„Die Augenwischerei, dass die Konflikte und Kriege in den fernen Ländern uns nichts angingen, hat endgültig ihr Ende erreicht“, sagte der Präsident der Diakonie Deutschland, Ulrich Lilie, in seiner Festrede vor 170 Gästen beim heutigen Neujahrsempfang (10.01.2016) in der Evangelischen Akademie Bad Boll.

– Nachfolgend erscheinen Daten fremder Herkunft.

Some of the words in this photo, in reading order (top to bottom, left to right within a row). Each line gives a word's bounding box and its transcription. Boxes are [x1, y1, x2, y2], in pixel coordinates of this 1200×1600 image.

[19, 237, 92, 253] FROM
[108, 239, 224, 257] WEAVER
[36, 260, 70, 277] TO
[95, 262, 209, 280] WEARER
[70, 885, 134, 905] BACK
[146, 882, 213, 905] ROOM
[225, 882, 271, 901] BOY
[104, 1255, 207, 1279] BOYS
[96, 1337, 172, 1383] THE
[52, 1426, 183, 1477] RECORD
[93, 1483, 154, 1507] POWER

„Wenn wir Menschen eine Verantwortungs-Gemeinschaft sind, müssen wir zuerst die Fluchtursachen bekämpfen“, so Lilie. Unfaire globale Handelsbedingungen, die Missachtung von Menschenrechten und Umweltstandards bei Lieferketten, wachsende soziale Ungleichheit, Waffenlieferungen in Krisengebiete, rücksichtslose Ressourcen- und Energieverbrauch: Diese Fluchtursachen seien nicht gegeben, sondern von Menschen gemacht und daher gestaltbar: „Die Flüchtlinge sind nicht das Problem, sie sind die Opfer dieser ungelösten Probleme.“
Er rief zu einer neuen europäischen Flüchtlingspolitik auf, die sich am Maßstab des Menschrechts auf Asyl orientiert. Die Dublin III-Verordnung sei gescheitert. Europa müsse Wege zur legalen Einreise ermöglichen. Er forderte die sofortige Aufnahme von mindestens 750 000 Menschen aus den Transitstaaten wie Libanon, Türkei und Jordanien. Jeder Schutzsuchende solle nach einer Beratung sein Zufluchtsland einmal selbst wählen dürfen. Darüber hinaus sei ein Neuansiedlungsprogramm mit jährlichen Kontingenten in jedem EU-Staat nötig.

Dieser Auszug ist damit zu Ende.